Just copied this paragraph from the Net:

"The third option is that Boots, in the airside shopping area of any BAA airport, should stock plenty of formula. Just to be on the safe side you could ring ahead to the store to ask them to keep a supply for you. Ring this number: 0845 070 8090 and customer care will give you the number of the store in question."


----------



## claireyfairy

So I could buy two big tubs of formla there too-save trying to fit it in suitcases? (aslong as Ihave checked store have it/order it to collect)

We are only going to Lanzorate but not sure if they sell the comfort formula there!!


----------



## JenStar1976

claireyfairy said:


> So I could buy two big tubs of formla there too-save trying to fit it in suitcases? (aslong as Ihave checked store have it/order it to collect)
> 
> We are only going to Lanzorate but not sure if they sell the comfort formula there!!

Yep, as others have said, you'd just have to carry it as handluggage with all your booze and perfume too! x


----------



## history_girls

Do they allow you to have it as an extra bag or does it have to fit in your hand luggage bag? 

if not this is brilliant!!


----------



## babybel

Afraid it gets delivered to the boots before security and so must fit in hand luggage, we have just got back from Turkey and tried this but didnt work :-( Also boots at Gatwick dont sell comfort formula so we ended up just taking it in suitcase.


----------



## loopy_lou

oh well i never you learn something new every day :)
I did not know about boots having prepared milk airside :)


----------



## babybel

loopy_lou said:


> oh well i never you learn something new every day :)
> I did not know about boots having prepared milk airside :)

Yip they stock most run of the mill milks but not comfort or soya, you can call them and reserve it too which is handy as means much less room in suitcase.

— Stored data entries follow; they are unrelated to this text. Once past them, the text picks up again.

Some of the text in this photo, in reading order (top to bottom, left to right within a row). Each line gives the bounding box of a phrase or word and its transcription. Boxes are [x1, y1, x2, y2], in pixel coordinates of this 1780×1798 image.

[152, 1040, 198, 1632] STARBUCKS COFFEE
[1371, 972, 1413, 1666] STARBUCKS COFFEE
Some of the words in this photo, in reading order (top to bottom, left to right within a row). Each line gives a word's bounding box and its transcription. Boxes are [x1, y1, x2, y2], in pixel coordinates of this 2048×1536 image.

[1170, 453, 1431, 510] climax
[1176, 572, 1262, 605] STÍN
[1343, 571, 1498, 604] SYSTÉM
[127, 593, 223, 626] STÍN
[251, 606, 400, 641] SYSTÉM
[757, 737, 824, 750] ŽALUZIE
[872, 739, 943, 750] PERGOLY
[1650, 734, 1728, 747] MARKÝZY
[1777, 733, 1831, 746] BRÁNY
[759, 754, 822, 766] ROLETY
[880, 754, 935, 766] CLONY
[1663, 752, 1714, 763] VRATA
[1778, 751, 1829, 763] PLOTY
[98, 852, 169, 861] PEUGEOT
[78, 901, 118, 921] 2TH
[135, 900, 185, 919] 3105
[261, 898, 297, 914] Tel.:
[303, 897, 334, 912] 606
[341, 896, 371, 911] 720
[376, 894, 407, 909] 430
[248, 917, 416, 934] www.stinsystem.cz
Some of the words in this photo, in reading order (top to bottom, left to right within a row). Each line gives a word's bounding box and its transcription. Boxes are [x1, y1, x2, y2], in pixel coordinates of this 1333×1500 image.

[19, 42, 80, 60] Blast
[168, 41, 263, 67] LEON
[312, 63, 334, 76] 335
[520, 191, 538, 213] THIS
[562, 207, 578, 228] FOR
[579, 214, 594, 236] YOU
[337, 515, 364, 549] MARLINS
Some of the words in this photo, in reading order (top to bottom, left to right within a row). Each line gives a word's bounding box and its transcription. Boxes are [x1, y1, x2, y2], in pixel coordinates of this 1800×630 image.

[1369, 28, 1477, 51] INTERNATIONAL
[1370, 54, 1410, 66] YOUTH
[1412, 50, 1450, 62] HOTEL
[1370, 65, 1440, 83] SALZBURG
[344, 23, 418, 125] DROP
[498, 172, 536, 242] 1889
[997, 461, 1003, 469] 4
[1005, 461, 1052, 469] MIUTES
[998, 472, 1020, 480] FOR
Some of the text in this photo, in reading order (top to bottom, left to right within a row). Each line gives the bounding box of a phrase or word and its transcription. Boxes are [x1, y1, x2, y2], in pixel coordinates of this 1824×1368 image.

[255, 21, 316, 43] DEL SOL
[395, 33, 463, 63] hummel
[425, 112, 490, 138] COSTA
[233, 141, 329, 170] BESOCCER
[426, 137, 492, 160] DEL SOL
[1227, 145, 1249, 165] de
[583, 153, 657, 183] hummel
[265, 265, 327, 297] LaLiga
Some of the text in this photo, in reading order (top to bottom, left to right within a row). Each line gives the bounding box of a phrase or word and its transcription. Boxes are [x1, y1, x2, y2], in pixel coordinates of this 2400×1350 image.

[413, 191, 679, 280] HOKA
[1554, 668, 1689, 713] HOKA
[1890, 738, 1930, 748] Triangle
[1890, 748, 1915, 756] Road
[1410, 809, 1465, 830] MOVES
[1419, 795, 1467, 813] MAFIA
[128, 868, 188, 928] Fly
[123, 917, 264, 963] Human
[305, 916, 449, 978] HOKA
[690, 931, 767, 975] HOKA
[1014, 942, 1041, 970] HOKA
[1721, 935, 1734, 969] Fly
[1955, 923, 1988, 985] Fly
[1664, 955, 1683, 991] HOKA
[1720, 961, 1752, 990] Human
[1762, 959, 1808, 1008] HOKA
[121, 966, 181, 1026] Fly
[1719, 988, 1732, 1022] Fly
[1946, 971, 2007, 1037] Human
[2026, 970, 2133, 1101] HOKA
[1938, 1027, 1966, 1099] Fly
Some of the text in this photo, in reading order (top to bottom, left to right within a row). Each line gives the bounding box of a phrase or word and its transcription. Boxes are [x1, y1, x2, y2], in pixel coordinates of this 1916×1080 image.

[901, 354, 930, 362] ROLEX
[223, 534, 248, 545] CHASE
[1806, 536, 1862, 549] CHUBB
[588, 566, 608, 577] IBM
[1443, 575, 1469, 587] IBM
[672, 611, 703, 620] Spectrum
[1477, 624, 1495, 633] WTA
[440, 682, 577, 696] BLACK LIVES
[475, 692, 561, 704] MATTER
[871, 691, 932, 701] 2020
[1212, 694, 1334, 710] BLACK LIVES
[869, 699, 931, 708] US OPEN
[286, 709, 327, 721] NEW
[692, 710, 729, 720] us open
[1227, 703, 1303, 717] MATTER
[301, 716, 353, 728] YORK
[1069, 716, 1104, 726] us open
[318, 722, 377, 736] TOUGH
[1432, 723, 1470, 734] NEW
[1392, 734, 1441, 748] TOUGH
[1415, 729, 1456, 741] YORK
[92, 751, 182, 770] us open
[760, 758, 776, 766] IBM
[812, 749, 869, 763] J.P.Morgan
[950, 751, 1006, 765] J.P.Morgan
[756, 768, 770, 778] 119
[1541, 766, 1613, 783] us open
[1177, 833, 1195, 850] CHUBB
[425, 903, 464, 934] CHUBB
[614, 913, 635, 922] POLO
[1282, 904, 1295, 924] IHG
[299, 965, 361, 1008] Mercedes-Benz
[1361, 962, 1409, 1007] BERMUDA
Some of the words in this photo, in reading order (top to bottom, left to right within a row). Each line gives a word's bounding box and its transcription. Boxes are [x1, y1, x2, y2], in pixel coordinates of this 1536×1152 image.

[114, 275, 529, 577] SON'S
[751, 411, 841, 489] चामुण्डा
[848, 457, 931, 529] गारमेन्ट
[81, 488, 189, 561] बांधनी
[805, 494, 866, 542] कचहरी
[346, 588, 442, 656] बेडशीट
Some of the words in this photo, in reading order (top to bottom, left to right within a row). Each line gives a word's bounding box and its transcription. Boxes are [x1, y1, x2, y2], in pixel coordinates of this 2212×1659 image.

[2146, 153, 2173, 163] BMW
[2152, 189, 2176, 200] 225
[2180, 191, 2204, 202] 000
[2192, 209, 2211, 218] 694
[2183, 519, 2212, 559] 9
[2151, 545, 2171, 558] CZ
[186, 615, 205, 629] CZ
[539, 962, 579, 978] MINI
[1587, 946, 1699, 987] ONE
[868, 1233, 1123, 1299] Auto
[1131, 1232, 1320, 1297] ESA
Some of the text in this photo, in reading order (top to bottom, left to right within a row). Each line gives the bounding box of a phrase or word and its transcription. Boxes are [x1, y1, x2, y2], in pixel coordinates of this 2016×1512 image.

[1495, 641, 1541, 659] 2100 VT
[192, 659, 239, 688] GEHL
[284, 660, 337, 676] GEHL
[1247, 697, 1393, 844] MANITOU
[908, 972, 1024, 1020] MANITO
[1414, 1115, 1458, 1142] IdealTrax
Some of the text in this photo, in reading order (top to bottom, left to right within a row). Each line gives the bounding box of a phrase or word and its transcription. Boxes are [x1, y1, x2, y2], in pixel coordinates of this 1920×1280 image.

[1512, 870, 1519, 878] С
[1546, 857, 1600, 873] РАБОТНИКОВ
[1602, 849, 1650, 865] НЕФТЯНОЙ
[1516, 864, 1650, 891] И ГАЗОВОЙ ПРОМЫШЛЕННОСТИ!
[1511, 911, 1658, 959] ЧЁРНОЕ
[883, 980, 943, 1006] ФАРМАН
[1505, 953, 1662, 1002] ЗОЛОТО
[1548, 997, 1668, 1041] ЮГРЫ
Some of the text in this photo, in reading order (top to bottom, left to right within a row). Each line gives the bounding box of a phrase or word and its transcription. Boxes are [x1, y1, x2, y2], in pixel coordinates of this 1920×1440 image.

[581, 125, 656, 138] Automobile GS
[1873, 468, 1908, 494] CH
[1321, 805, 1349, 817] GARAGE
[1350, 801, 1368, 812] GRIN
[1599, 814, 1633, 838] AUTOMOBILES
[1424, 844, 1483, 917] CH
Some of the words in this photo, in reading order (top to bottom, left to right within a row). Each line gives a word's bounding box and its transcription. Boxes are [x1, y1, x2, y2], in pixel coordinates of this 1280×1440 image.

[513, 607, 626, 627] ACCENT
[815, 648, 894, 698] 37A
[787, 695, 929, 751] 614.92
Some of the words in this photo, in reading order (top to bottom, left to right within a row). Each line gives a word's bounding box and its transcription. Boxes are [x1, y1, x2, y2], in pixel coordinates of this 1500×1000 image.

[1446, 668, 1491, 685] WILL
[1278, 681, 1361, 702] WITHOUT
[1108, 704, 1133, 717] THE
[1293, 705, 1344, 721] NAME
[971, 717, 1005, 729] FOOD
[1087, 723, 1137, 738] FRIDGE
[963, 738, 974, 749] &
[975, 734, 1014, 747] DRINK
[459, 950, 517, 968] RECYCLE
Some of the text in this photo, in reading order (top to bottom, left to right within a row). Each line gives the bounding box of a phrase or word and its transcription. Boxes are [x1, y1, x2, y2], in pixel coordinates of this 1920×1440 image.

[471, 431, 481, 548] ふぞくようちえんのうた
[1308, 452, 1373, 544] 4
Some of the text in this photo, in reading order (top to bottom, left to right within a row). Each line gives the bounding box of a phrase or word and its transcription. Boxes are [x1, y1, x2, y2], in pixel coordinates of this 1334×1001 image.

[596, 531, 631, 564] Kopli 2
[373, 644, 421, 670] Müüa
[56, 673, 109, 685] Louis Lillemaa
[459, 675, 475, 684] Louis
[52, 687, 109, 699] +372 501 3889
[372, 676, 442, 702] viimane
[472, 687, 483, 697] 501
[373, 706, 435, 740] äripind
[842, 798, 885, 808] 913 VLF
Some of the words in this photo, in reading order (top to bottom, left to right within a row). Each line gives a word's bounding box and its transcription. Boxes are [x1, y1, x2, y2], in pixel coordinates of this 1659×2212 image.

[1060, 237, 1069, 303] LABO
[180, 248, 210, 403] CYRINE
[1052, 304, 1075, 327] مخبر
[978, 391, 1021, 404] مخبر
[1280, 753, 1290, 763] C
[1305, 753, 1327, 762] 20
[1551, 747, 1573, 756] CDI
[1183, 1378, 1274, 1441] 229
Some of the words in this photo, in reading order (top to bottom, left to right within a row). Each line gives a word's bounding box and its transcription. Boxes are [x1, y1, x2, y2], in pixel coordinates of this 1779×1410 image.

We managed ok though but suitcases were heavy!


----------



## sweetlullaby

babybel said:


> Afraid it gets delivered to the boots before security and so must fit in hand luggage, we have just got back from Turkey and tried this but didnt work :-( Also boots at Gatwick dont sell comfort formula so we ended up just taking it in suitcase.

Ohhhh your just back from turkey!! Any tips/advice/ what do they sell etc for babies? Im going in 3 and a half weeks and am not prepared whatsoever for formula etc! What kind of water did you use over there? How did you make up bottles? did they not go curdled in the heat (people keep telling me any day trips bottles will go curdled even in insulated bags!)


----------



## Tsia

this is such a good idea!!!! 

Just to note.. EVERYTHING REGARDING BABY STUFF IN LANZAROTE IS SOOOOO EXPENSIVE. 
Nappys.. 3 times as much.. and the only formula I could see some resemblence to UK versions was Aptimil under a different name begining with M.. like Multipla or something and the price???? >>>>>> *30 euros a tub!! * (my mum lives in lanzarote and I wish I knew boots did this when I went in november!)


----------



## babybel

sweetlullaby said:


> babybel said:
> 
> 
> Afraid it gets delivered to the boots before security and so must fit in hand luggage, we have just got back from Turkey and tried this but didnt work :-( Also boots at Gatwick dont sell comfort formula so we ended up just taking it in suitcase.
> 
> Ohhhh your just back from turkey!! Any tips/advice/ what do they sell etc for babies? Im going in 3 and a half weeks and am not prepared whatsoever for formula etc! What kind of water did you use over there? How did you make up bottles? did they not go curdled in the heat (people keep telling me any day trips bottles will go curdled even in insulated bags!)Click to expand...

Hi,

We had a fab time, the turkish love babies, couldnt walk for more than one minute without getting stopped lol.
We used damla water and nestle water and just cold water steriliser bags, we were staying in hilton so had kettle in room, was all dandy. Bottles didnt curdle at all, but I took the powder dispensers and just prepared water in morning and took that and added milk as needed, worked just fine and baby had bottles as they came as was hot. 
Didnt see any familiar formula but sell cow and gate food, and hipp baby foods. Nappy wise - prima are pampers and were about £2 for 11, also have their own branded nappies called pedo (wierd ol name lol), these were about £2 for 26 and were absolutley fine, didnt leak at all but are quite plasticky! Wipes I took with me but they had plenty on offer and ones with a white packet with a pic of a baby sitting on a cloud were nicest on babies bum, think they were there version of sensitive. 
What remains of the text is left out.